Aristotle on 2007-07-08T00:01:27

Richard Powers:

Why is it that ecosystems produce rich networks, while markets – including literary markets – tend to produce monocultures?


a genetic correlate

mr_bean on 2007-07-08T02:57:31

This reminds me of a phenomenon in genetics I was reading about in wikipedia http://en.wikipedia.org/wiki/Genetic_drift

"In population genetics, genetic drift is the statistical effect that results from the influence that chance has on the survival of alleles (variants of a gene). The effect may cause an allele and the biological trait that it confers to become more common or more rare over successive generations. Ultimately, the drift may either remove the allele from the gene pool or remove all other alleles. Whereas natural selection is the tendency of beneficial alleles to become more common over time (and detrimental ones less common), genetic drift is the fundamental tendency of any allele to vary randomly in frequency over time due to statistical variation alone, so long as it does not comprise all or none of the distribution."

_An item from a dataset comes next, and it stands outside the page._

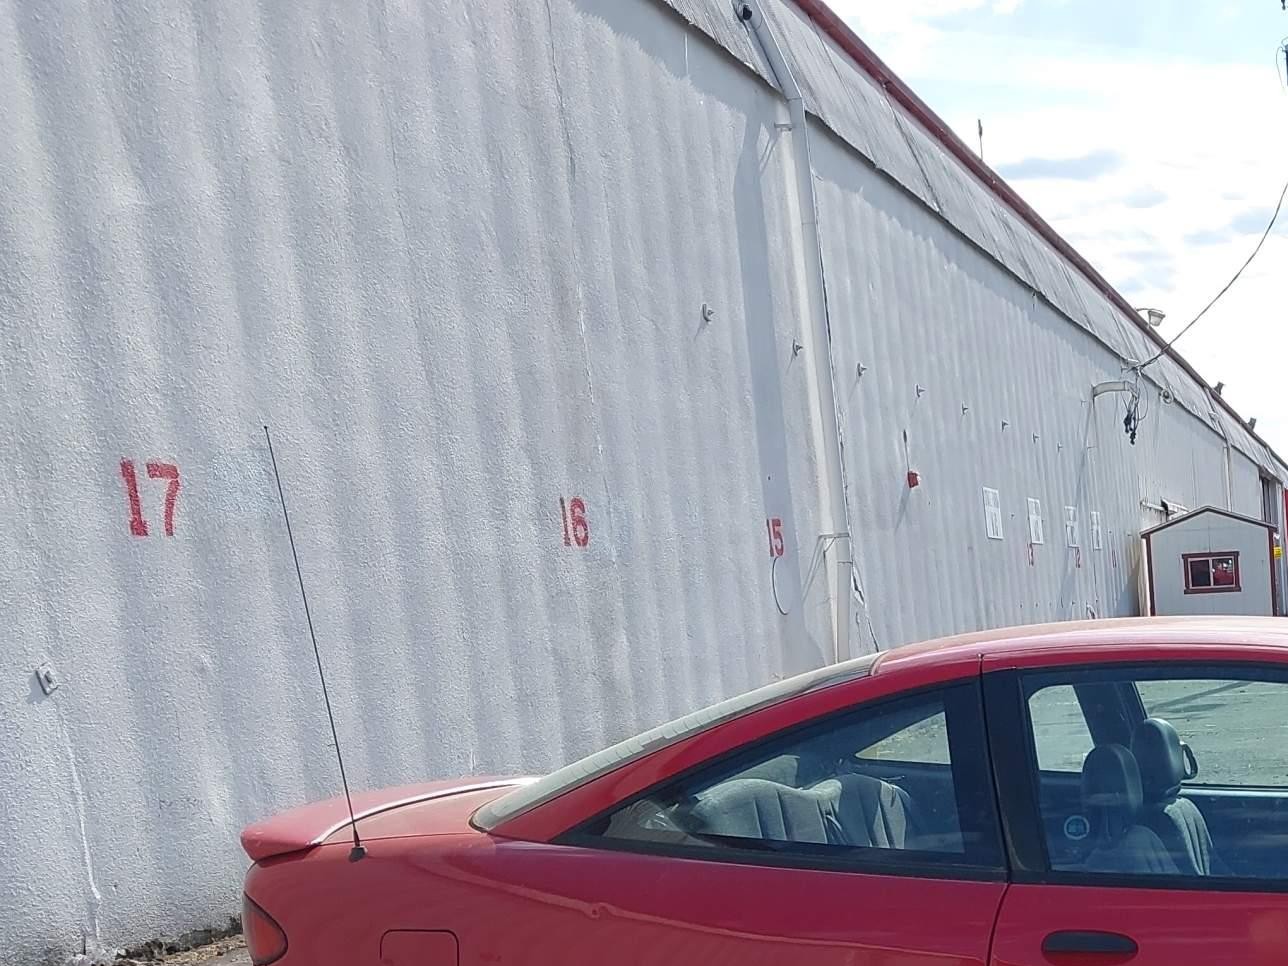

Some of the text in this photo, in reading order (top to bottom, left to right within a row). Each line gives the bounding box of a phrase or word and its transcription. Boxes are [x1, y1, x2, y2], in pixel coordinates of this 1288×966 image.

"Given sufficiently long time, however, the mathematics of genetic drift (cf. Galton-Watson process) predict the allele will either die out or be present in 100% of the population, after which time there is no random variation in the associated gene. Thus genetic drift tends to sweep gene variants out of a population over time, such that all members of a species would eventually be homozygous for this gene. In this regard, genetic drift opposes genetic mutation which introduces novel variants into the population according to its own random processes."

The customer is always useful.

educated_foo on 2007-07-08T04:40:56

Well, in a natural ecosystem everyone (or every gene) is just trying to survive long enough to reproduce a lot. Why do we start decaying at 30? Because we're past our reproductive years at that point, and therefore useless. On the other hand, in an economic system, whoever dies with the most toys wins, so there's no such thing as "enough money."

As an aside, I think this touches on the biggest mistake people make about large-scale, first-world markets: that they are driven by some sort of diverse consumer tastes. In fact, it is just the opposite. For breakfast cereal, clothing, toothpaste, and many other things, there isn't a difference that makes a difference between the possible options. However, one of them is most profitable to produce, and efficiencies of scale make this option even cheaper. So consumers are told that they prefer whatever is cheapest to produce, and they happily "choose" and consume it. Why do wild animals spread into new ecosystems, while herds stick together?

Re:The customer is always useful.

Ron Savage on 2007-07-08T10:40:55

> so there's no such thing as "enough money."

Yes. This has been spelled out in the fascinating book:
Adam's Curse
Bryan Sykes
0 552 14989 6
Eg: Top of page 295

Re:The customer is always useful.

educated_foo on 2007-07-09T01:36:57

Thanks for the reference. I will give it a read.

The Evolution of Cooperation

ajt on 2007-07-08T13:24:34

In Axelrod's book The Evolution of Cooperation it's made quite clear than even companies/organisations that hate each other will tend towards a cartel/duopoly and finally monopolies. There is nothing within the mechanism of the market that will stop this from happening it's an automatic output from the mathematics. To prevent monopolies you need something external to destabilise the system, which could be the right kind of government legislation (the book contains examples that make things worse) or a new entry into the market place.

Basically cooperating even when you are fighting tool and nail can be the best strategy under certain conditions.